Question

Babies’ birth weights are approximately normally distributed with mean 3375 grams and standard deviation of 493 grams. An obstetrician wants to conduct a study of babies that are unusually heavy or unusually light, to try to understand what genetic and nutritional factors might contribute to this. He decides that babies with weights in the top 2.5% will be considered unusually heavy, and babies with weights in the bottom 2.5% will be considered unusually light.

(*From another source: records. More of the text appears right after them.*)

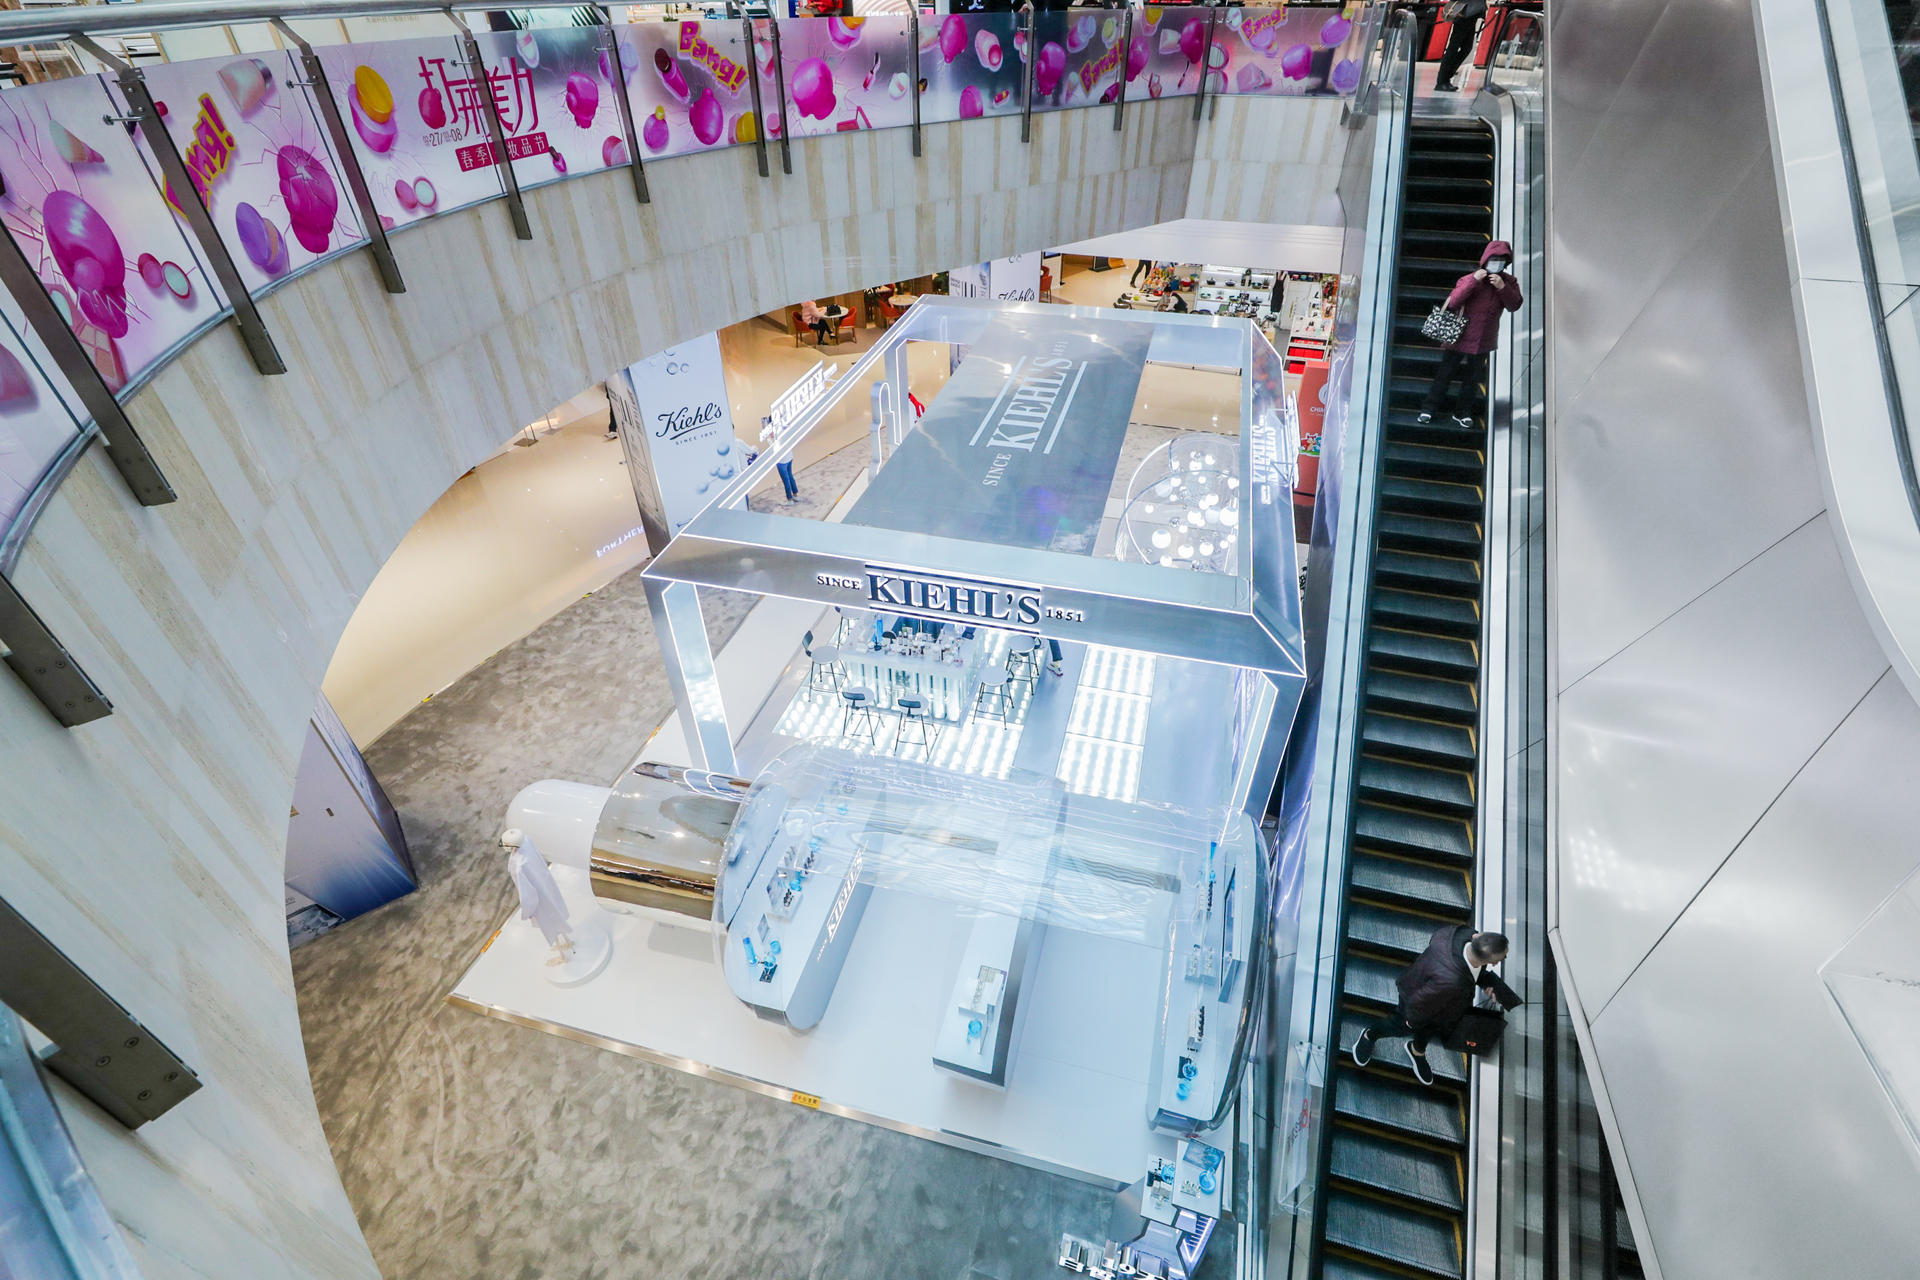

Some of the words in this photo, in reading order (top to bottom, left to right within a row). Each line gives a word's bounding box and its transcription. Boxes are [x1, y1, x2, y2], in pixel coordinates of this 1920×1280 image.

[1241, 5, 1288, 41] Bang!
[679, 20, 749, 93] Bang!
[1079, 37, 1125, 95] Bang!
[460, 135, 545, 169] 春季妆品节
[655, 402, 722, 438] Kiehl's
[986, 355, 1073, 453] KIEHL'S
[983, 452, 1012, 487] SINCE
[817, 574, 860, 590] SINCE
[865, 573, 1041, 625] KIEHL'S
[1046, 608, 1084, 623] 1851

Babies that weigh more than ___ grams or less than ___ grams will be included in the study.

Answer 1

Babies that weigh more than 2409 grams or less than 4341 grams will be included in the study.

Explanation:

Problems of normally distributed samples can be solved using the z-score formula.

In a set with mean
`\mu` and standard deviation
`\sigma`, the zscore of a measure X is given by:

`Z = (X - \mu)/(\sigma)`

The Z-score measures how many standard deviations the measure is from the mean. After finding the Z-score, we look at the z-score table and find the p-value associated with this z-score. This p-value is the probability that the value of the measure is smaller than X, that is, the percentile of X. Subtracting 1 by the pvalue, we get the probability that the value of the measure is greater than X.

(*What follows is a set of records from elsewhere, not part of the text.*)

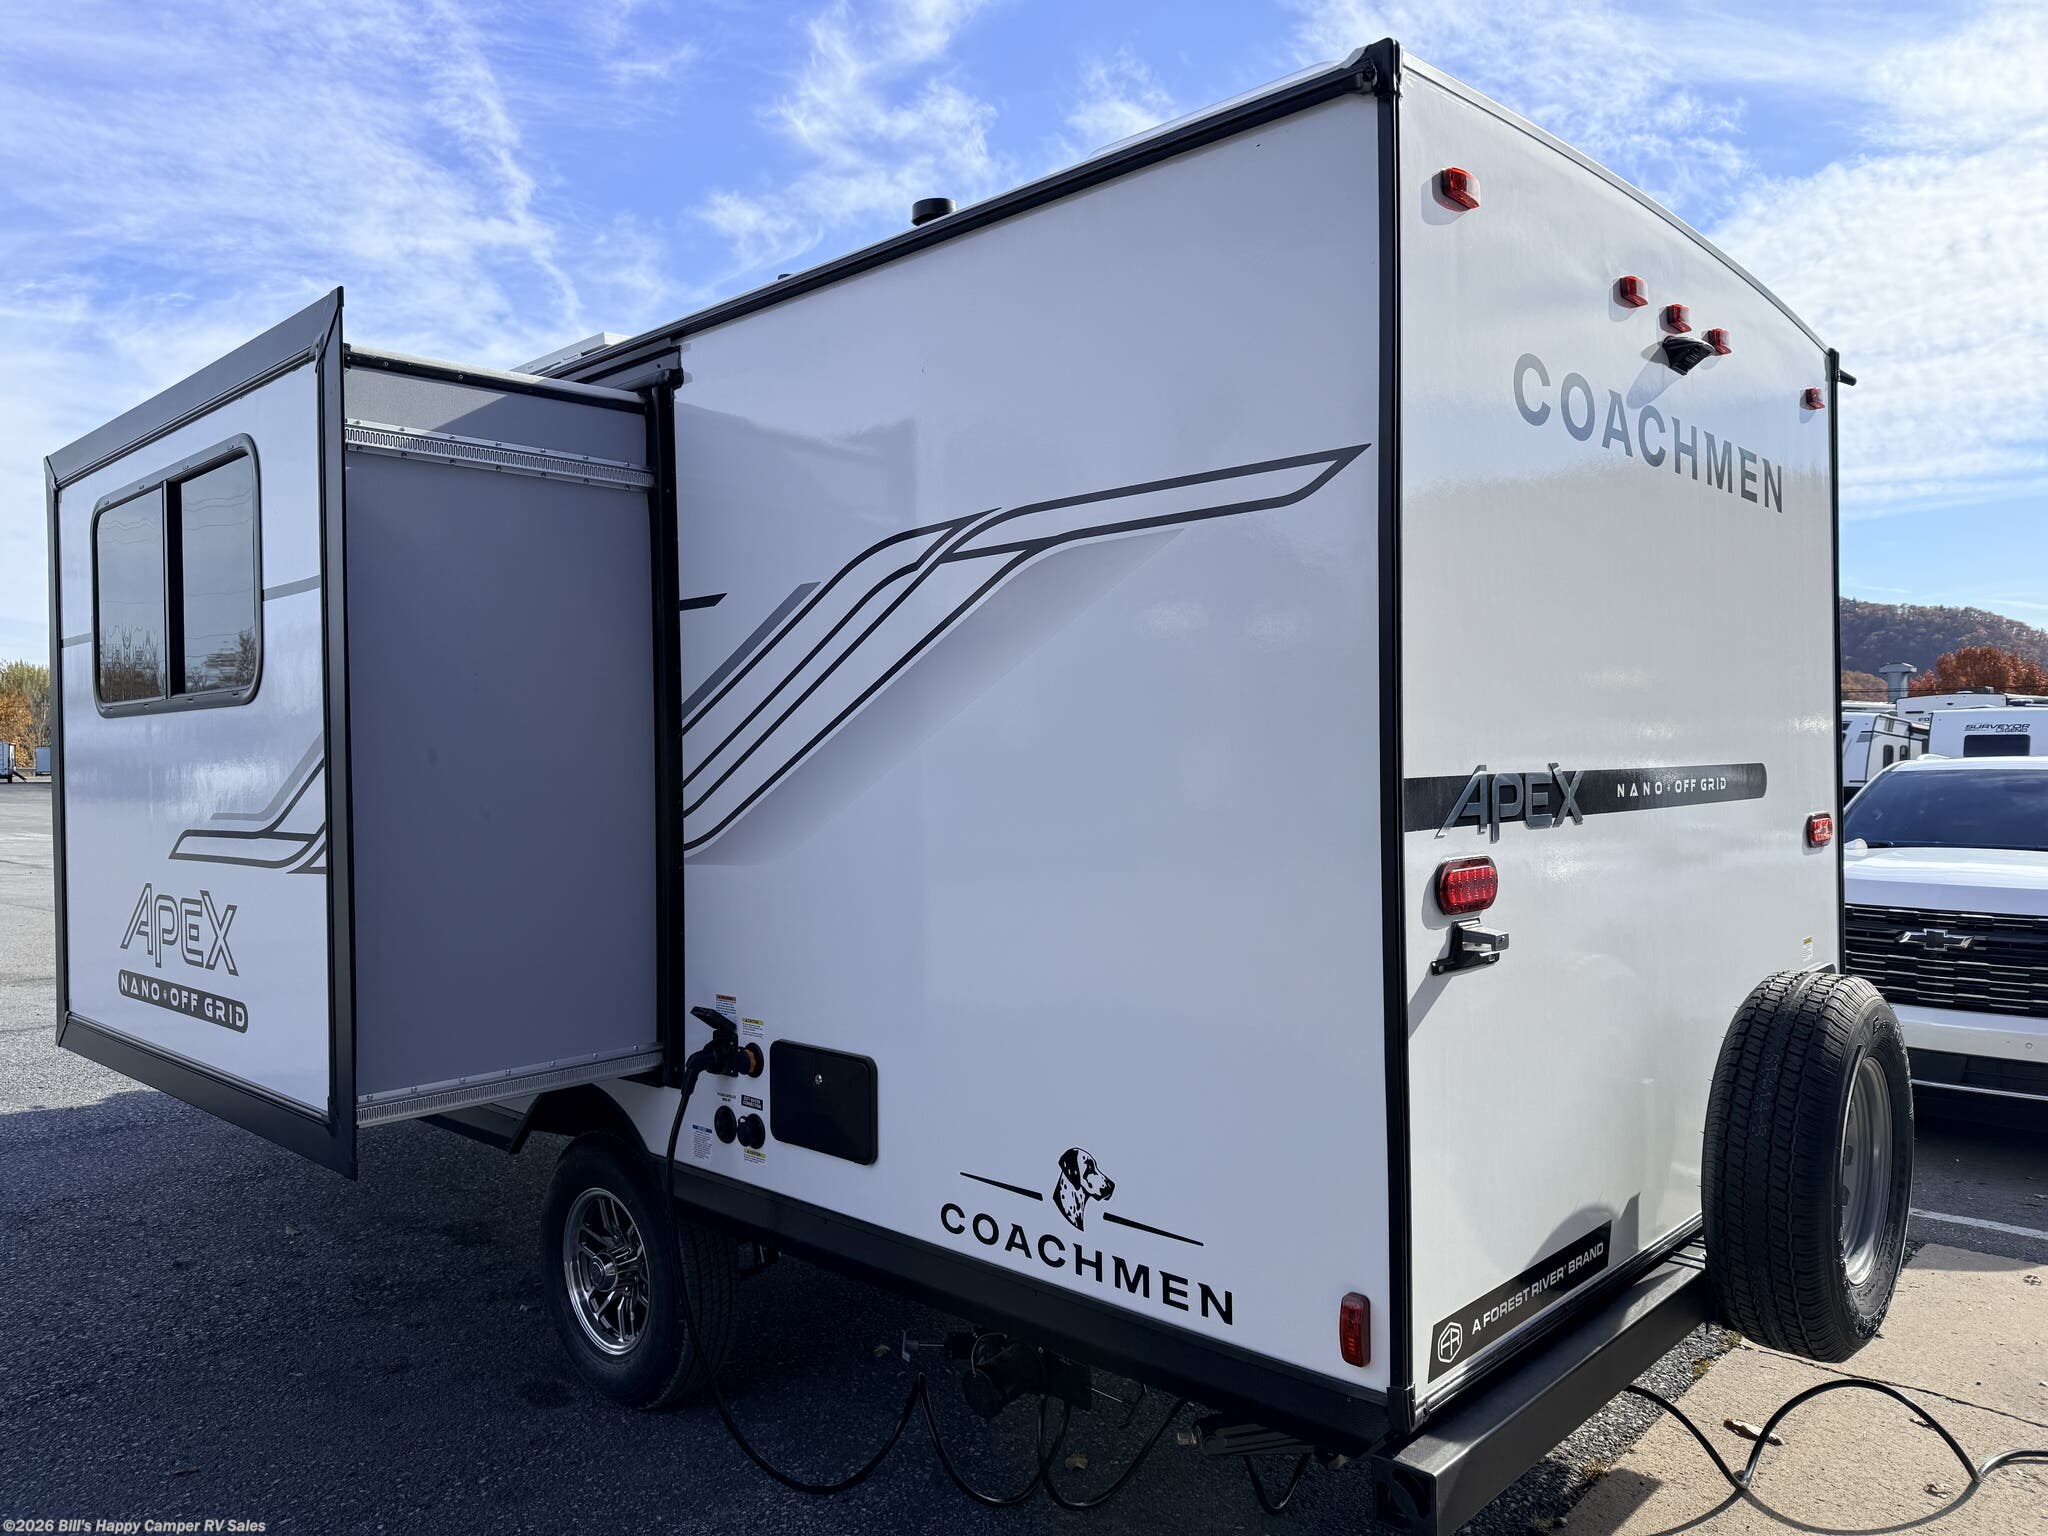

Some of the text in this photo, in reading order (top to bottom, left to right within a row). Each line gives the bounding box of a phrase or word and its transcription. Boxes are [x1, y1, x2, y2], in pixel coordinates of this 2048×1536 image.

[1513, 352, 1783, 514] COACHMEN
[1434, 762, 1585, 844] APEX
[1616, 777, 1727, 798] NANO OFF GRID
[120, 882, 239, 977] APEX
[121, 973, 245, 1028] NANO OFF GRID
[940, 1203, 1233, 1326] COACHMEN
[1471, 1318, 1482, 1336] A
[1483, 1287, 1532, 1328] FOREST
[1568, 1241, 1604, 1275] BRAND

In this problem, we have that:

`\mu = 3375, \sigma = 493`

Top 2.5%

More than X when Z has a pvalue of 1-0.025 = 0.975. So more than X when Z = 1.96.

`Z = (X - \mu)/(\sigma)`

`1.96 = (X - 3375)/(493)`

`X - 3375 = 493*1.96`

`X = 4341`

More than 4341 grams is the top 2.5%.

Bottom 2.5%.

Less than X when Z has a pvalue of 0.025. So less than X when Z = -1.96.

`Z = (X - \mu)/(\sigma)`

`-1.96 = (X - 3375)/(493)`

`X - 3375 = 493*(-1.96)`

`X = 2409`

Less than 2409 grams is in the bottom 2.5%.

Babies that weigh more than 2409 grams or less than 4341 grams will be included in the study.